**Problem requirements**
Without the pictures, write out all the lines below exactly as they appear.

Free-text object descriptions
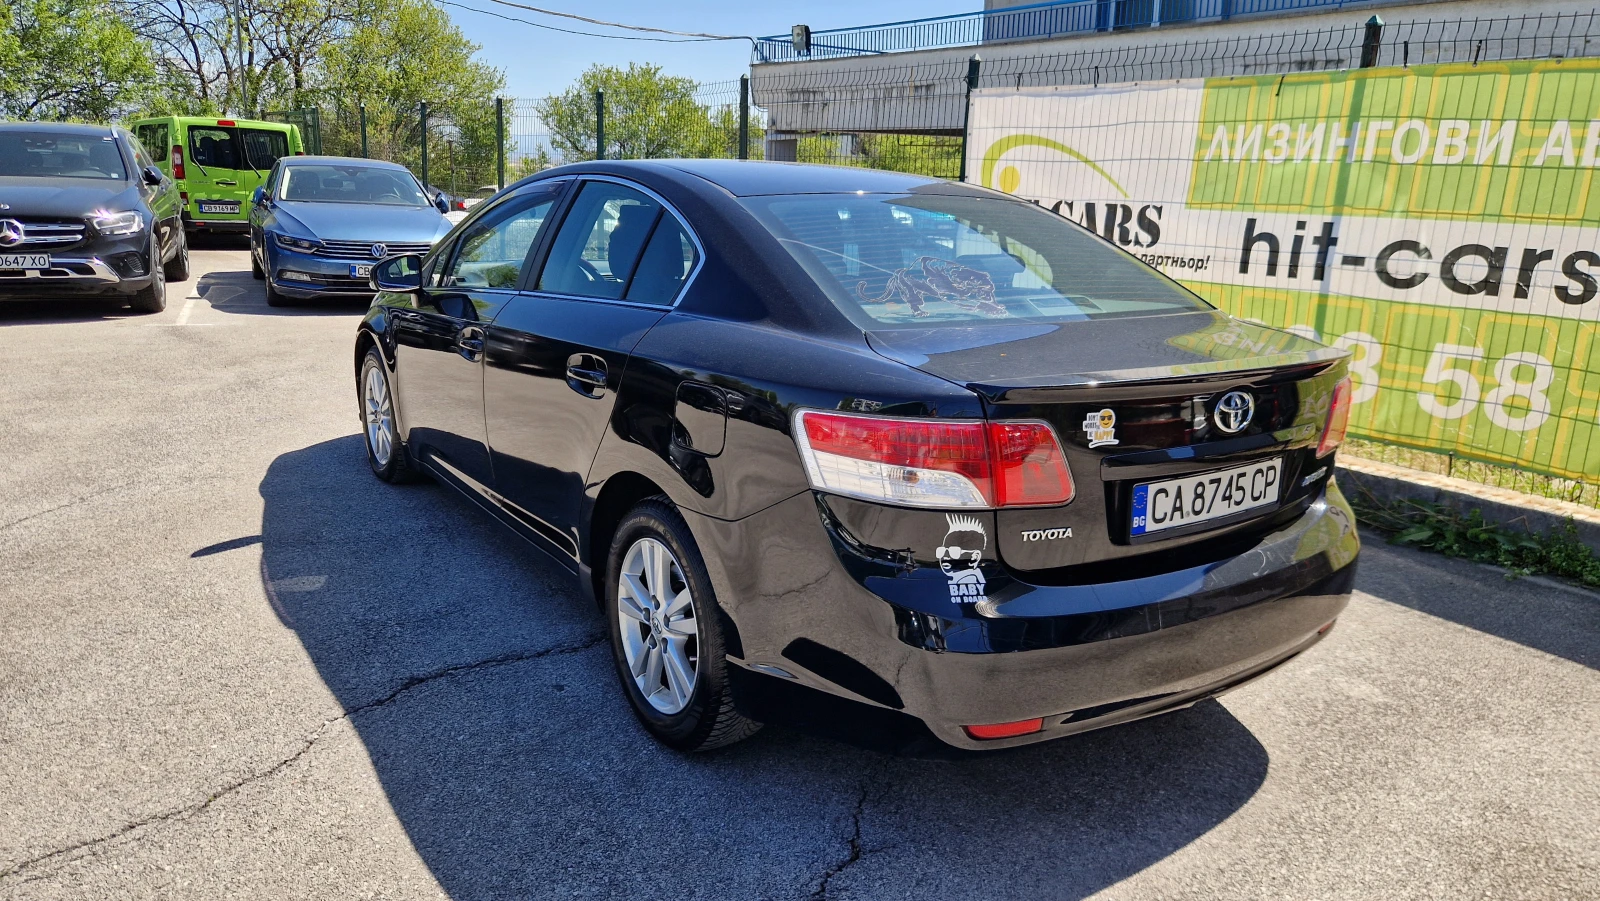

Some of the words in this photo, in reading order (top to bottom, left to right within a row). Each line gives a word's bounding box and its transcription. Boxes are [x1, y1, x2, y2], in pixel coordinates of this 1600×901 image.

[1203, 118, 1518, 166] ЛИЗИНГОВИ
[29, 256, 47, 267] XO
[1140, 253, 1211, 273] партньор!
[1237, 217, 1600, 307] hit-cars
[1416, 342, 1555, 431] 58
[1151, 485, 1184, 524] CA
[1191, 472, 1247, 517] 8745
[1250, 465, 1277, 502] CP
[1132, 516, 1146, 528] BG
[1021, 527, 1073, 542] TOYOTA
[949, 583, 985, 597] BABY
[950, 596, 961, 604] ON
[963, 595, 988, 604] BOARD

**Response for this exercise**
Some of the words in this photo, in reading order (top to bottom, left to right within a row). Each line gives a word's bounding box and its transcription. Boxes are [x1, y1, x2, y2], in pixel coordinates of this 1600×901 image.

[1203, 118, 1518, 166] ЛИЗИНГОВИ
[29, 256, 47, 267] XO
[1140, 253, 1211, 273] партньор!
[1237, 217, 1600, 307] hit-cars
[1416, 342, 1555, 431] 58
[1151, 485, 1184, 524] CA
[1191, 472, 1247, 517] 8745
[1250, 465, 1277, 502] CP
[1132, 516, 1146, 528] BG
[1021, 527, 1073, 542] TOYOTA
[949, 583, 985, 597] BABY
[950, 596, 961, 604] ON
[963, 595, 988, 604] BOARD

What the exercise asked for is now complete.